15 The effect of Optus' statements is to impose its full international call charge on customers calling the applicants' numbers. The applicants contend that the making of those statements was misleading and deceptive because the terms of Optus' contractual arrangements with its customers did not permit such a charge to be levied on a local call. That statement of the nature of the allegations is incomplete and imperfect but it captures, in part, the case.
16 The pleading also contains at paragraph 23A an allegation that other conduct of Optus was unconscionable. I have previously dealt with, in another judgment, the nature of those allegations. It suffices to say for present purposes that they are related in part to the differential treatment which Optus may have taken with respect to its customers.
17 I have spent some time identifying the nature of the pleading because the issues which the applicants now seek to have determined separately do not include the unconscionability case.
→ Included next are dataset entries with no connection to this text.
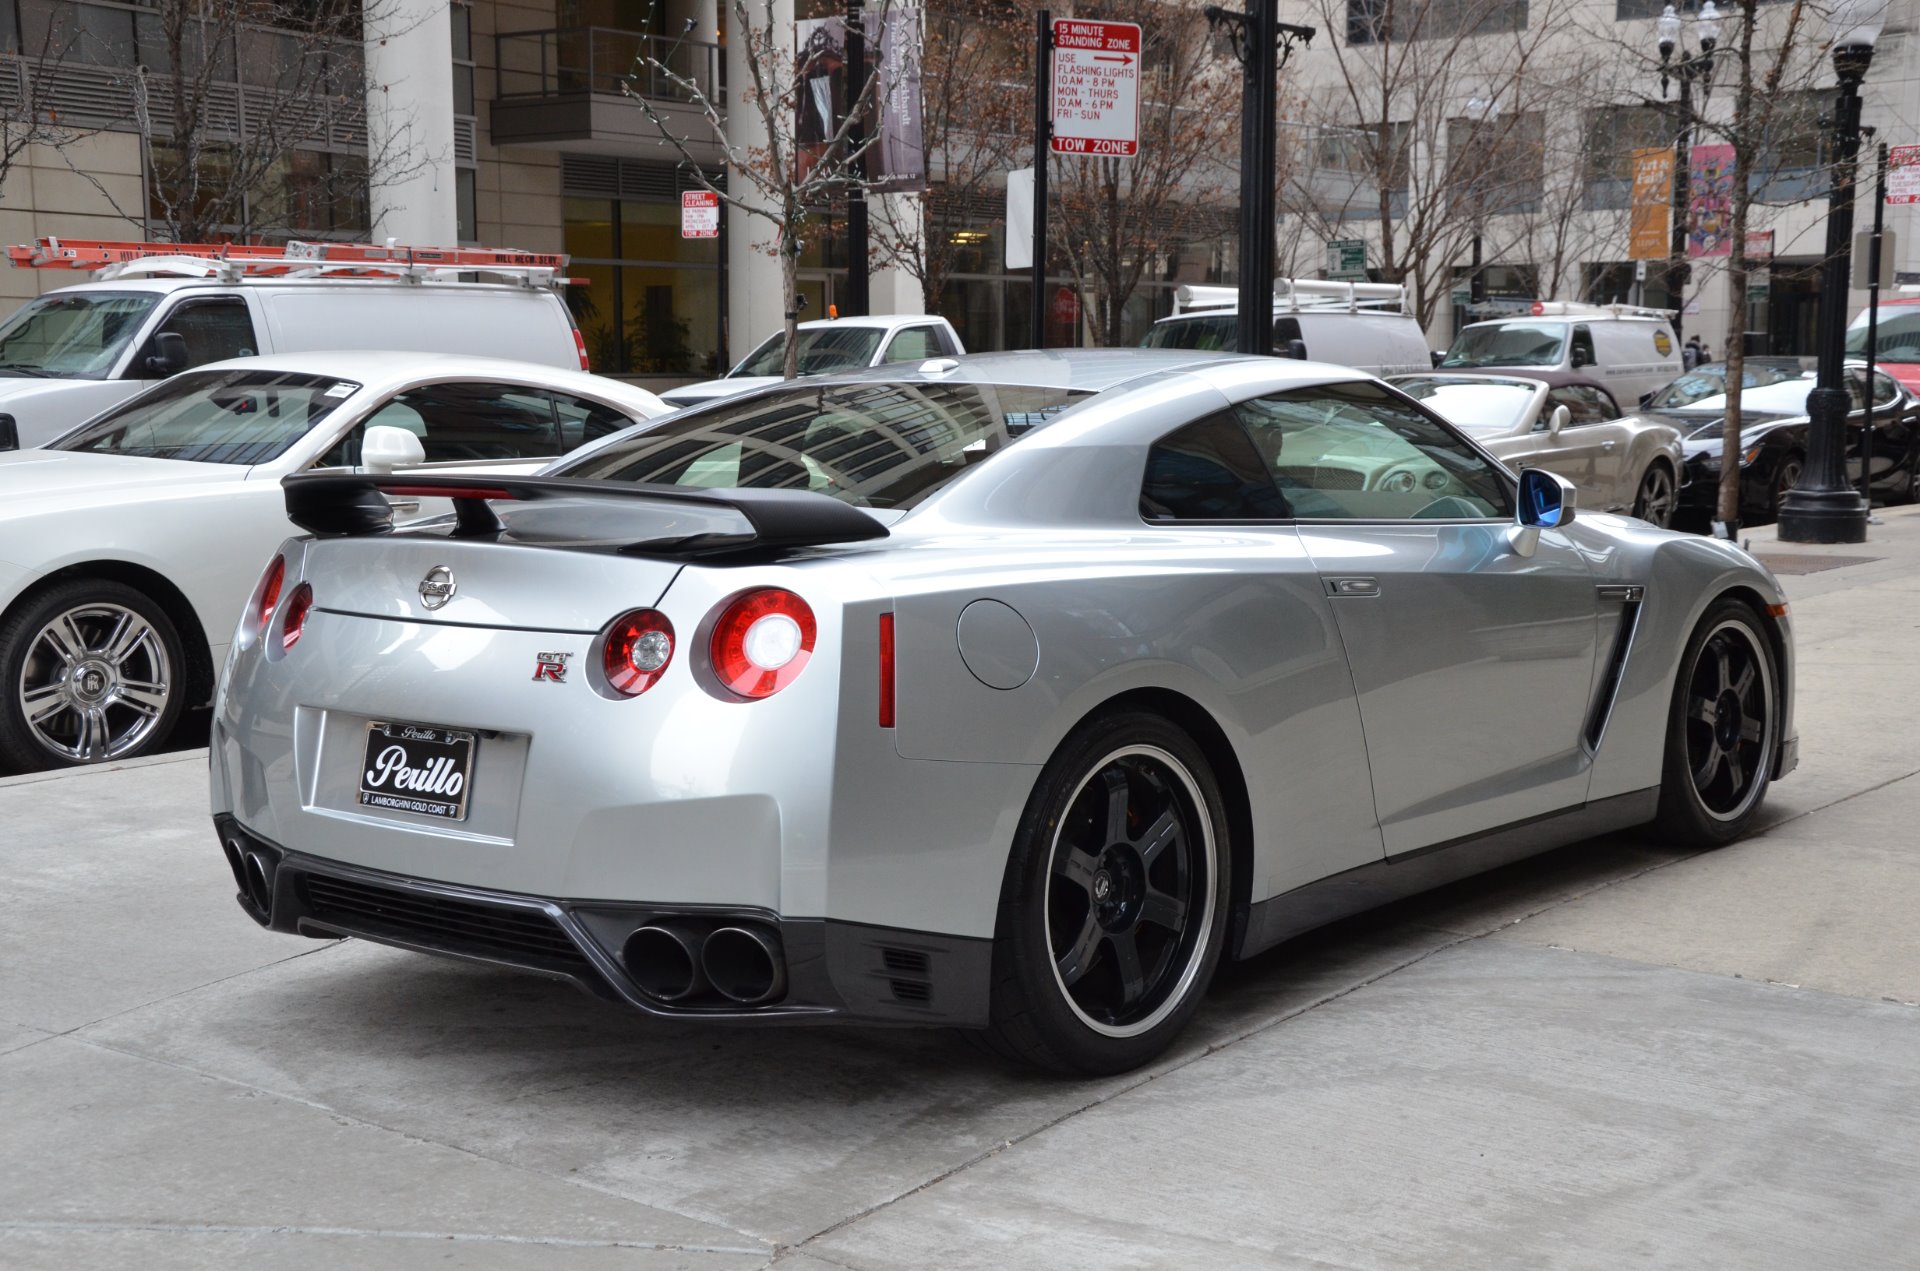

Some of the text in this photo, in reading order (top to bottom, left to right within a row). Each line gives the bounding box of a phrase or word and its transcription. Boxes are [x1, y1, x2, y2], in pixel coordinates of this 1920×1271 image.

[1059, 23, 1104, 37] 15 MINUTE
[1059, 35, 1130, 50] STANDING ZONE
[1058, 53, 1076, 63] USE
[1058, 65, 1134, 78] FLASHING LIGHTS
[1058, 75, 1068, 85] 10
[1069, 76, 1083, 86] AM
[1093, 78, 1099, 87] 8
[1102, 79, 1115, 87] PM
[1058, 86, 1078, 96] MON
[1089, 88, 1119, 99] THURS
[1057, 97, 1067, 106] 10
[1068, 98, 1082, 108] AM
[1092, 100, 1098, 109] 6
[1100, 101, 1113, 110] PM
[1057, 109, 1072, 118] FRI
[1081, 110, 1100, 120] SUN
[1057, 138, 1130, 153] TOW ZONE
[685, 193, 706, 201] STREET
[685, 199, 714, 207] CLEANING
[1890, 196, 1909, 204] TOW
[496, 255, 512, 264] HILL
[401, 726, 436, 740] Perillo
[366, 745, 464, 796] Perillo
[370, 796, 447, 815] LAMBORGHINI GOLD COAST
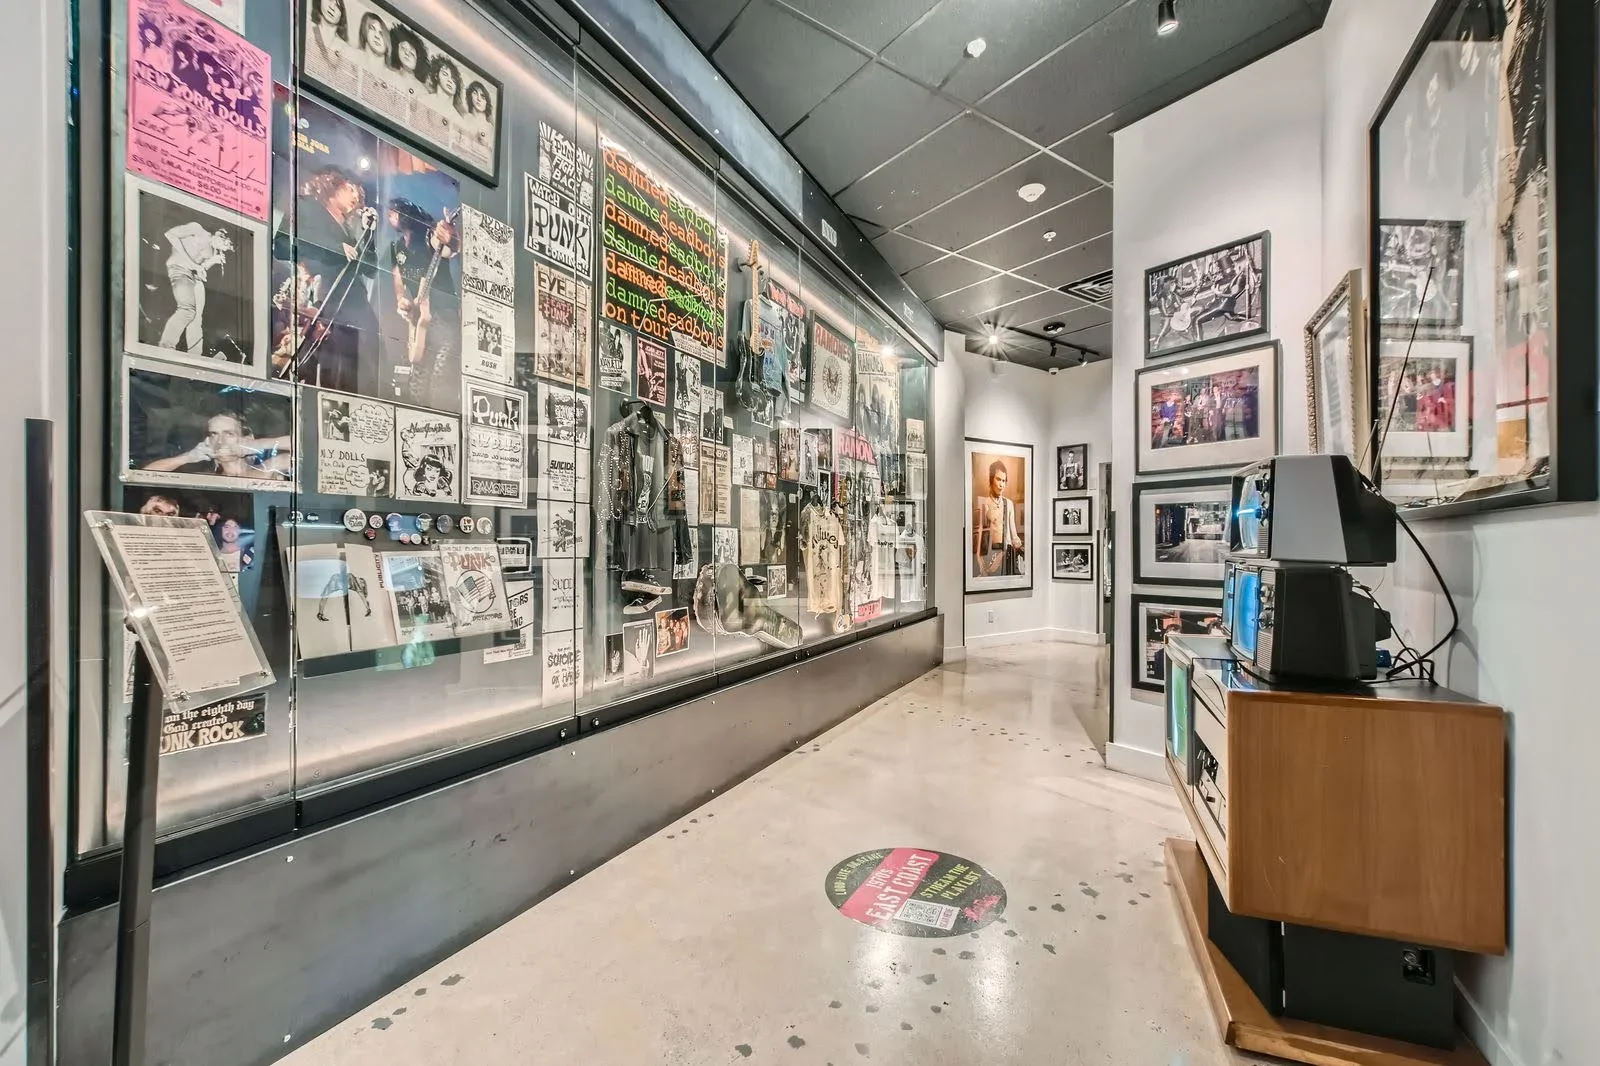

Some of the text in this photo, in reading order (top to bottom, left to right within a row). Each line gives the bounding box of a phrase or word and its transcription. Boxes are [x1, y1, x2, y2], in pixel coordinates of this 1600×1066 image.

[132, 59, 172, 93] NEW
[218, 103, 266, 138] DOLLS
[186, 168, 237, 193] AUDITORIUM
[529, 178, 560, 208] WATCH
[529, 235, 540, 251] IS
[533, 202, 588, 262] PUNK
[605, 302, 670, 340] on tour
[481, 359, 498, 369] RUSH
[472, 396, 519, 431] Punk
[339, 450, 366, 462] DOLLS
[471, 479, 519, 497] RAMONES
[374, 553, 385, 589] PUBLICITY
[447, 551, 492, 572] PUNK
[508, 592, 529, 610] TORS
[163, 714, 228, 735] God created
[182, 710, 200, 722] the
[201, 702, 235, 717] eighth
[236, 700, 255, 711] day
[160, 720, 245, 755] UNK ROCK
[865, 853, 934, 922] EAST COAST
[919, 863, 971, 899] STREAM THE
[940, 870, 982, 901] PLAYLIST
The applicants, therefore, submit that it would be appropriate to decide separately the question of whether the SMS messages and the internet postings are misleading and deceptive. This is appropriate, so they submit, because the question which arises on the hearing of such a separate trial would be the simple one of whether the representations contained in the SMS messages, and on the internet postings, were correct. That analysis would require only a consideration of the terms and conditions of the relevant contracts between Optus and its customers. This, so Mr Kunç submitted, would be an inquiry of relatively narrow compass.
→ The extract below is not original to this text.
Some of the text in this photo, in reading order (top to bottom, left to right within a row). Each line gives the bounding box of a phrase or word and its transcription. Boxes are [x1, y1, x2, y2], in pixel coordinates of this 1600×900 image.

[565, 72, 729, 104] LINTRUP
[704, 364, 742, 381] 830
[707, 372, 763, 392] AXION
18 That would, of course, leave the unconscionability claim which is contained in paragraph 23A of the second further amended statement of claim to be determined at a later time, presumably, at the same time as the hearing of the case on quantum. That would obviously be an undesirable state of affairs. To assuage concerns in that regard the applicants proffered an undertaking that should they fail on their s 52 case then they would abandon the unconscionability claim. The perceived benefit of that was that it could provide certainty of outcome, at least in the case where the applicants were held to fail. Of course, it provides no certainty of outcome in the case where the applicants succeed and it will leave, if that occurs, the possibility that the unconscionability case will need to be decided at the same time as, or possibly even separately from, the case on quantum. The applicants sought to circumvent that outcome by suggesting that if the Court were otherwise minded to pose the separate questions then it might be appropriate to take that course but require, as a condition of it, that the applicants give a further undertaking to abandon their unconscionability case. It is for the applicants to decide how they run their case. I do not propose to fashion relief on the possibility that undertakings might be given.
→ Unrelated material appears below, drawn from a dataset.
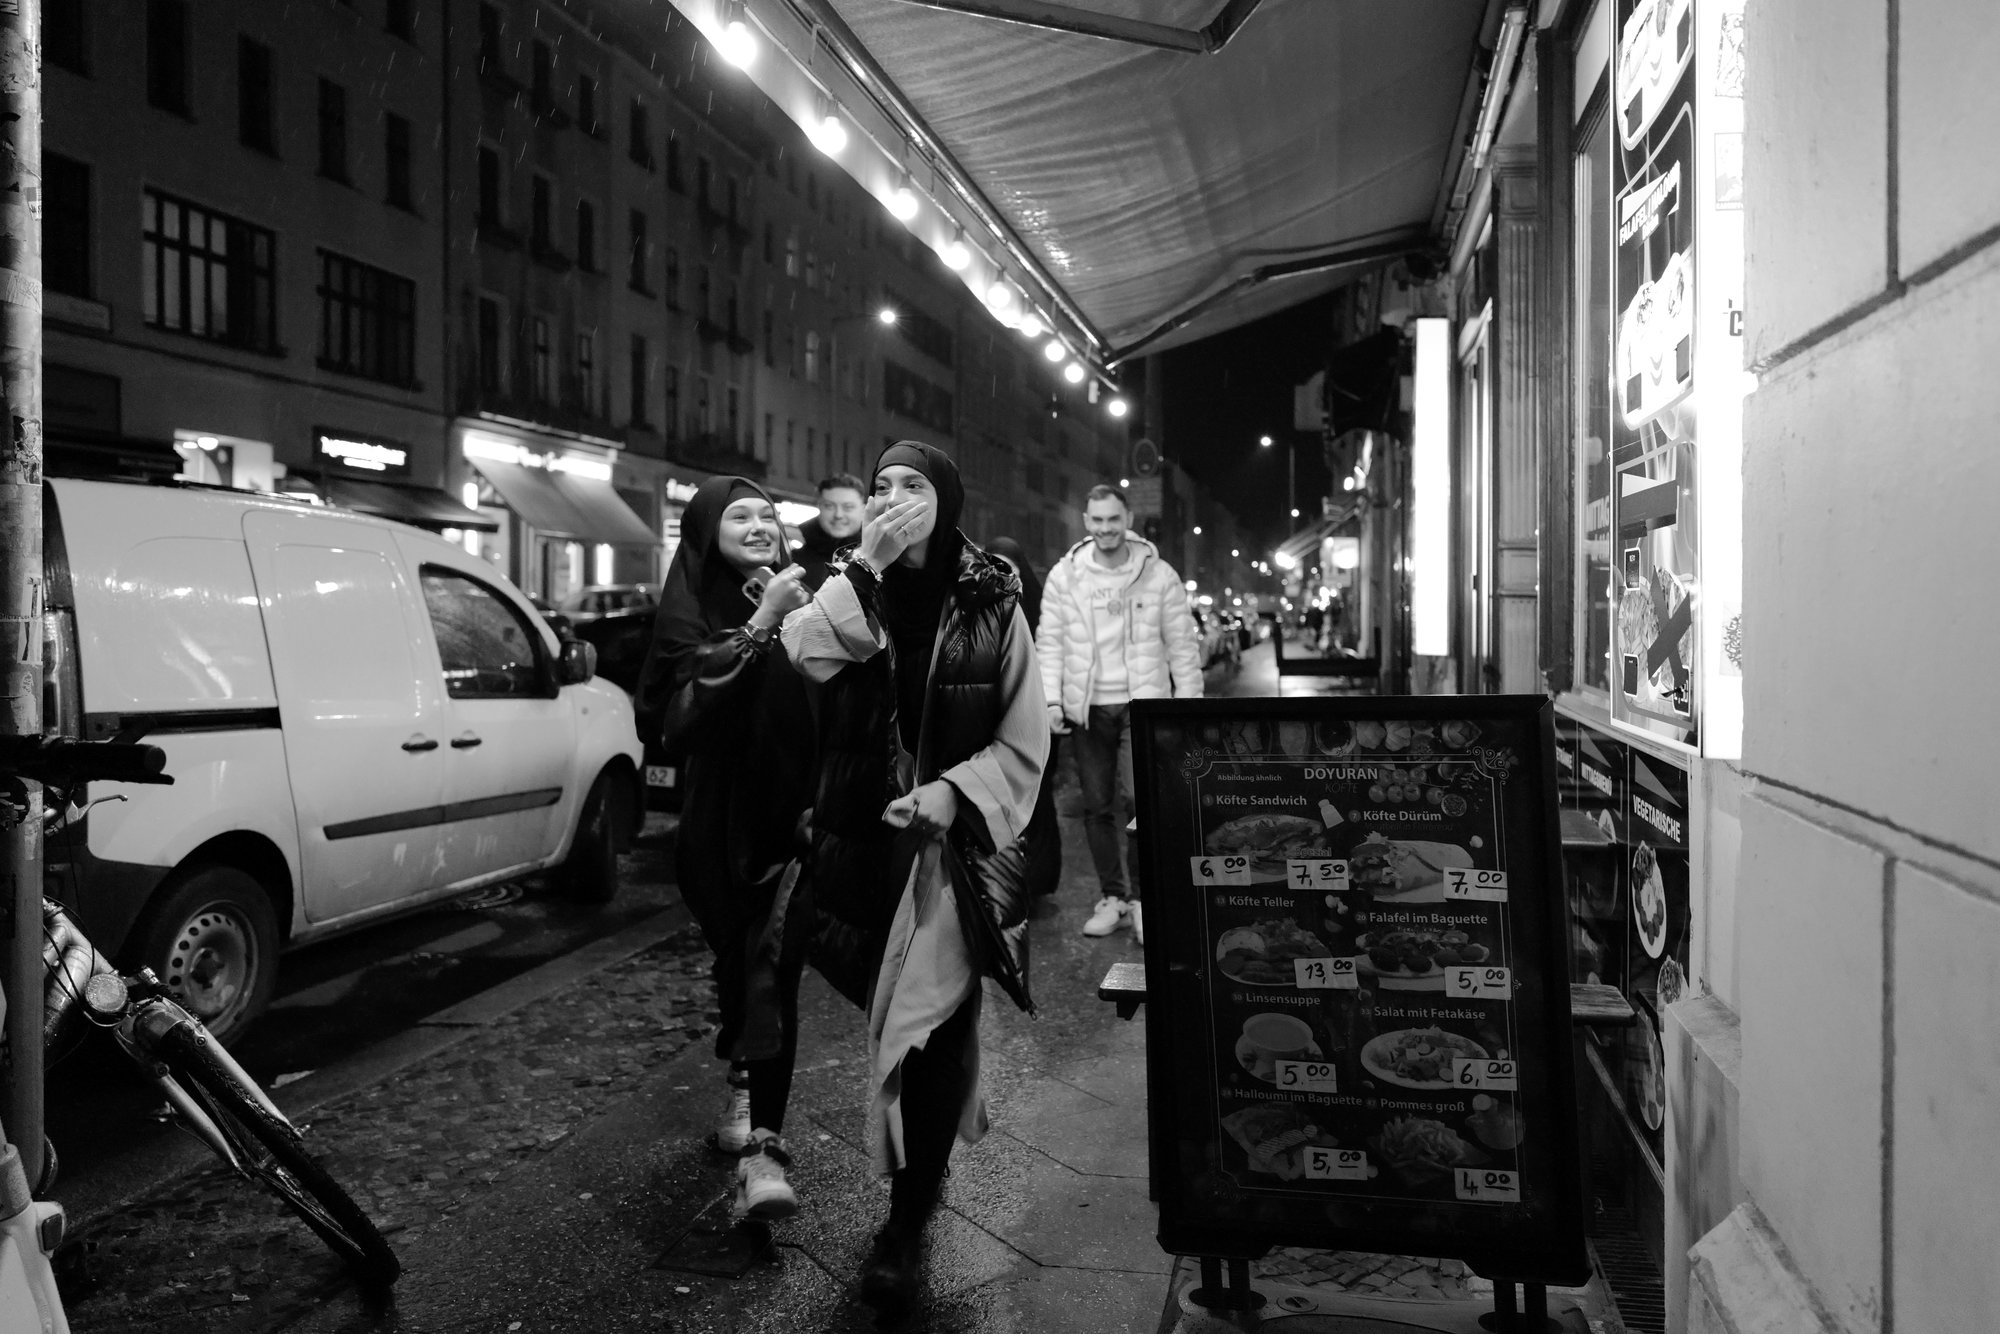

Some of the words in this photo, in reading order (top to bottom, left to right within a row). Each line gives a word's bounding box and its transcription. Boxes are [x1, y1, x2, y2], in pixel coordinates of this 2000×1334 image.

19 For that reason it seems to me that it would be inappropriate to pose the separate questions which are sought. The same conclusion can be reached another way. This case has already proceeded through a far greater number of interlocutory disputes than is ordinarily seen for reasons which presently elude me. However, if the matter were to be determined on a separate basis there would be, it seems to me, the possibility that there would be witnesses who would be heard in the liability phase who might be recalled in the quantum phase. I accept that this may not necessarily be so for Optus may call no witnesses. But I cannot say at this present state of the proceeding that that will be so. Nor can I be satisfied necessarily that the same may not happen on the applicants' side.
20 This is not to suggest that it is probable that these problems will arise, only that I am unable to exclude them as being rationally possible. In the area of the determination of separate questions, experience teaches that they are affairs which have a tendency to turn out badly for all concerned. They are generally inspired by perceived gains in efficiency but usually those efficiencies turn out to be illusive. That statement of sentiment is not an isolated expression of a personal view. It is one which finds a manifestation in a number of decisions of a number of courts. The High Court's decision in Tepko Pty Ltd v Water Board (2001) 206 CLR 1 at 55 [168] per Kirby and Callinan JJ is one example of that concern and other examples can likewise be garnered. I accept that the relevant test under O 29 r 2 is one which turns upon the Court being satisfied that it is just and convenient to make the orders. See the authorities which are usefully collected in Reading Australia Pty Ltd v Australian Mutual Provident Society (1999) 217 ALR 495 at 497-499 [6]-[9] per Branson J. Taking into account the various matters to which I have referred I think, however, that it would be dangerous to separate the questions in this matter and I decline to do so.